%%

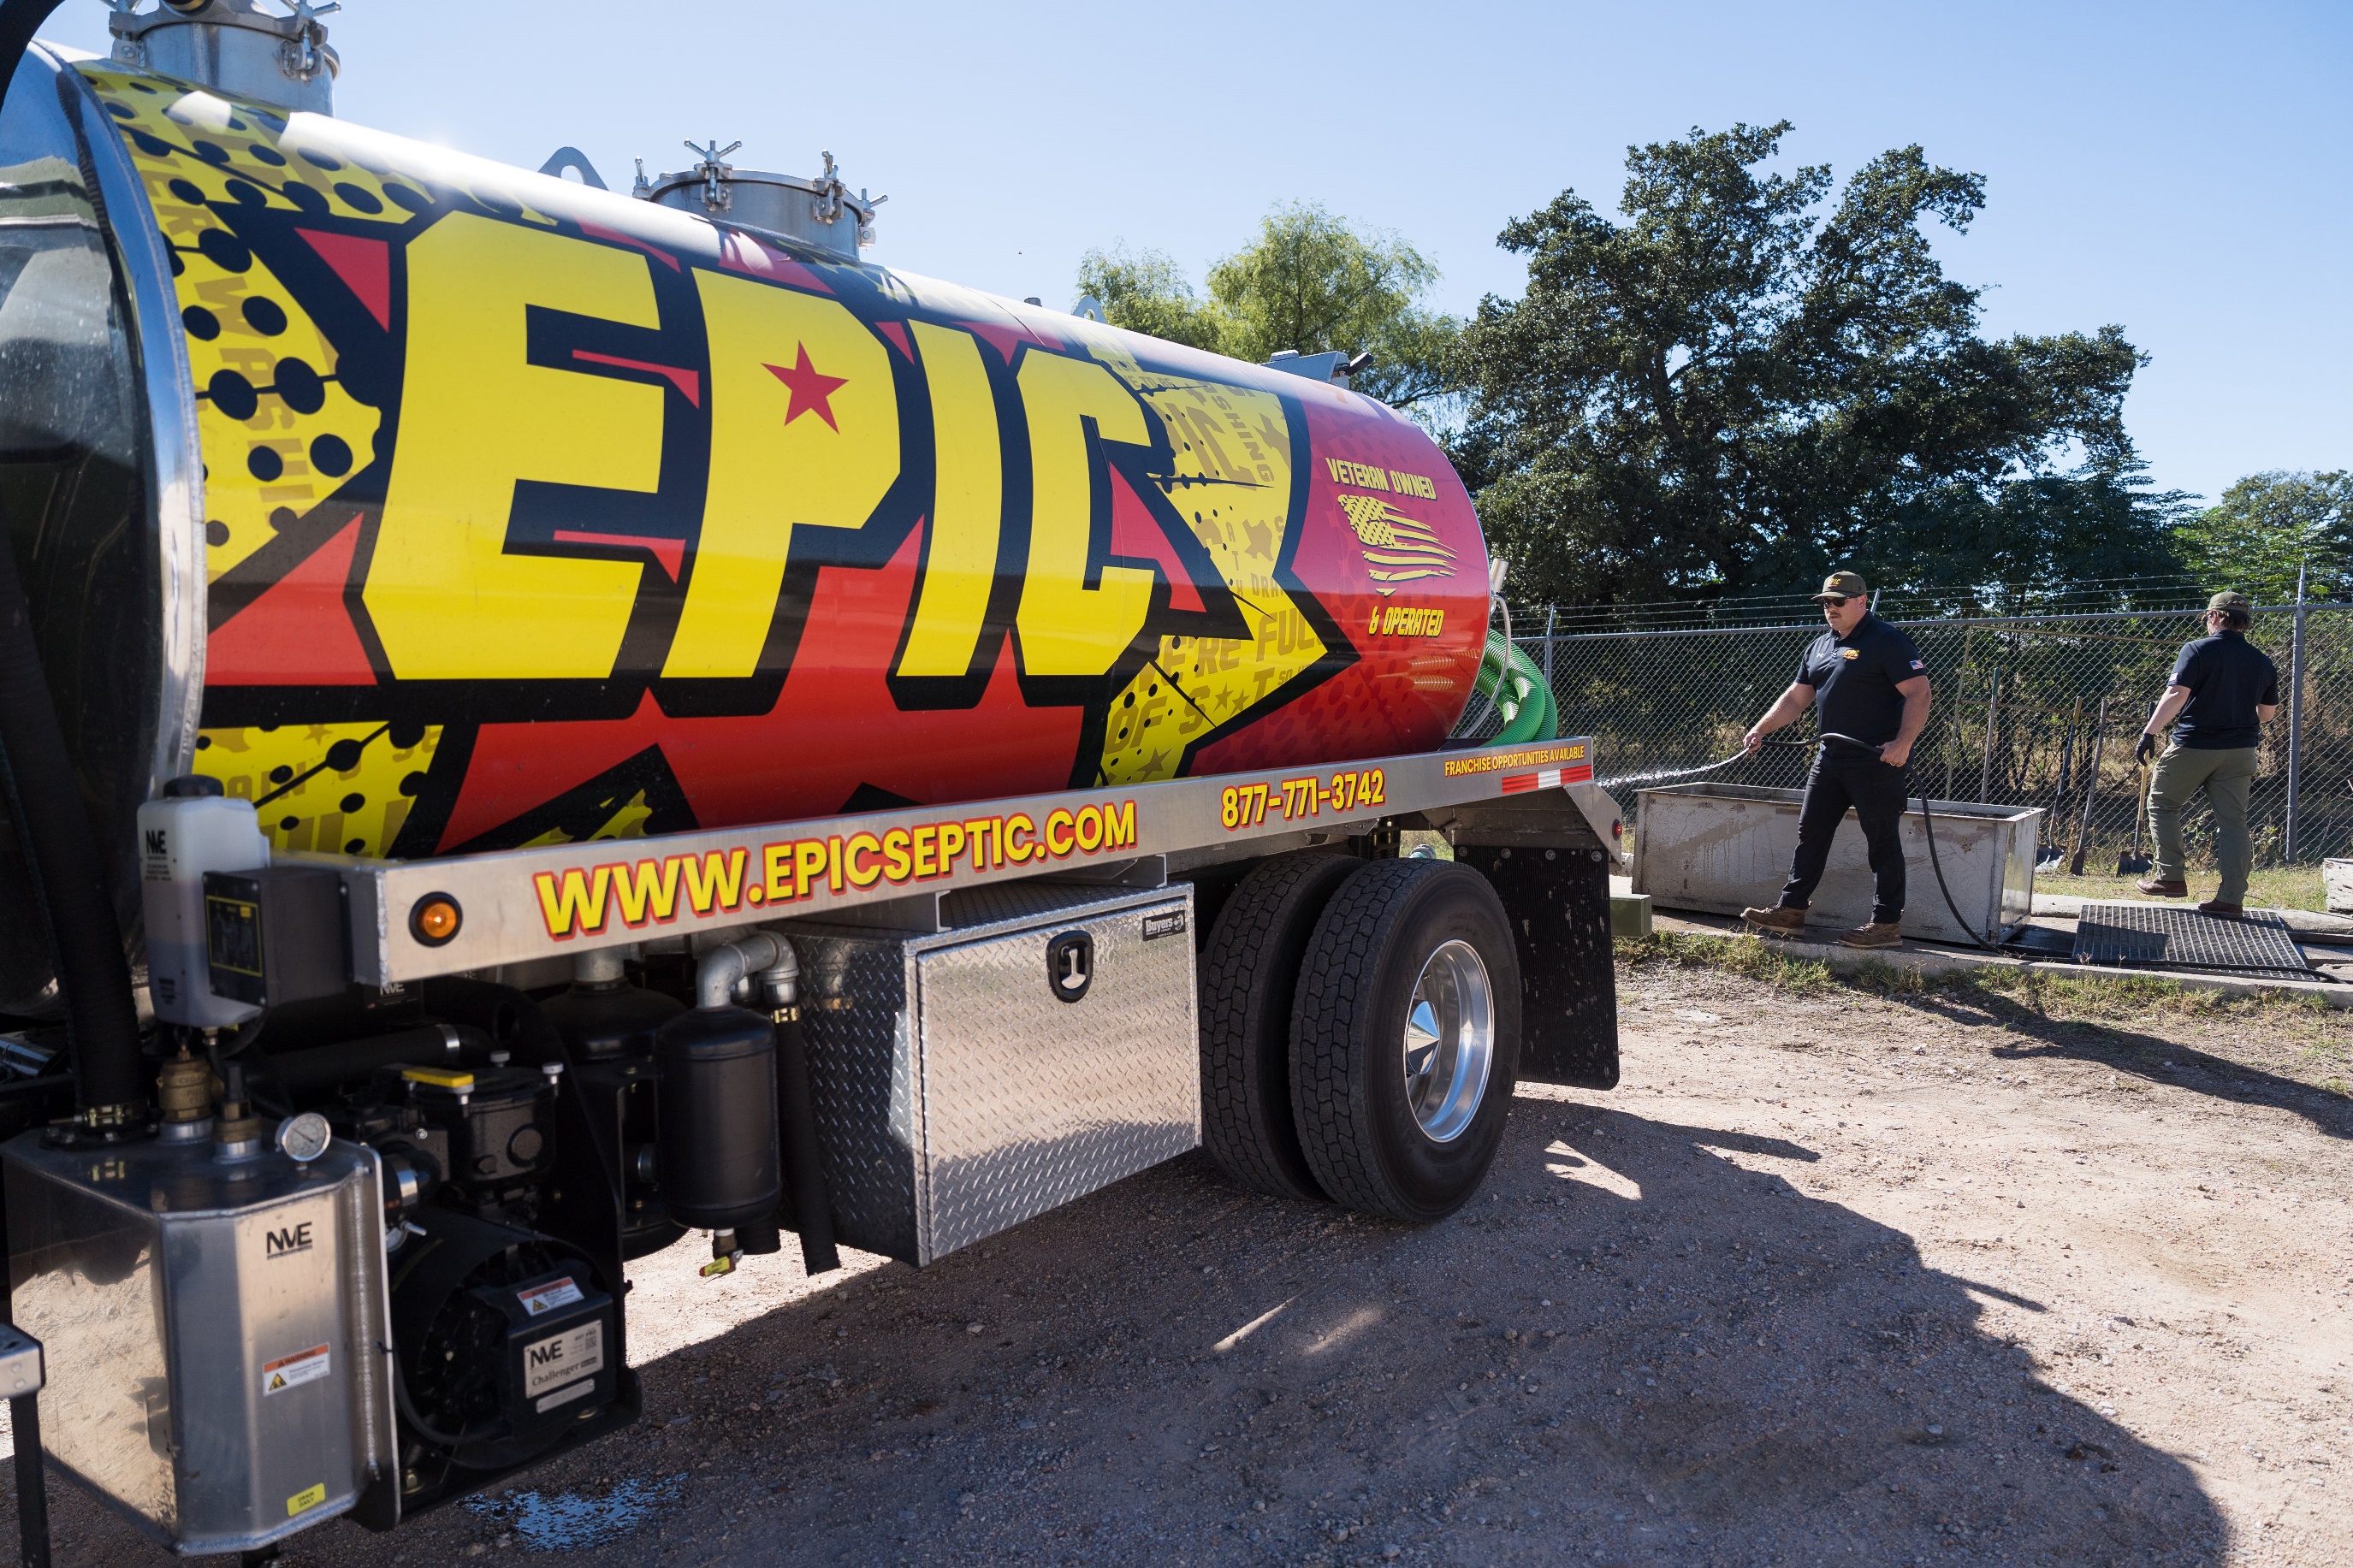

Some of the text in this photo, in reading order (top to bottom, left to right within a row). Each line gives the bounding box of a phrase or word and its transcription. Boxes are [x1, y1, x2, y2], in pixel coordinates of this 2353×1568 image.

[362, 209, 1157, 681] EPIC
[1325, 458, 1438, 500] VETERAN OWNED
[1250, 572, 1283, 598] DRA
[1255, 607, 1322, 662] FUL
[1369, 606, 1445, 637] & OPERATED
[1444, 745, 1585, 777] FRANCHISE OPPORTUNITIES AVAILABLE
[1222, 768, 1384, 829] 877-771-3742
[535, 800, 1137, 938] WWW.EPICSEPTIC.COM
[1146, 917, 1173, 932] Buyers
[266, 1222, 312, 1254] NVE
[530, 1340, 563, 1370] NVE
[532, 1362, 580, 1388] Challenger

%%

The expected answer is the data retyped exactly, without pictures.

**RESPONSE BELOW**
Some of the text in this photo, in reading order (top to bottom, left to right within a row). Each line gives the bounding box of a phrase or word and its transcription. Boxes are [x1, y1, x2, y2], in pixel coordinates of this 2353×1568 image.

[362, 209, 1157, 681] EPIC
[1325, 458, 1438, 500] VETERAN OWNED
[1250, 572, 1283, 598] DRA
[1255, 607, 1322, 662] FUL
[1369, 606, 1445, 637] & OPERATED
[1444, 745, 1585, 777] FRANCHISE OPPORTUNITIES AVAILABLE
[1222, 768, 1384, 829] 877-771-3742
[535, 800, 1137, 938] WWW.EPICSEPTIC.COM
[1146, 917, 1173, 932] Buyers
[266, 1222, 312, 1254] NVE
[530, 1340, 563, 1370] NVE
[532, 1362, 580, 1388] Challenger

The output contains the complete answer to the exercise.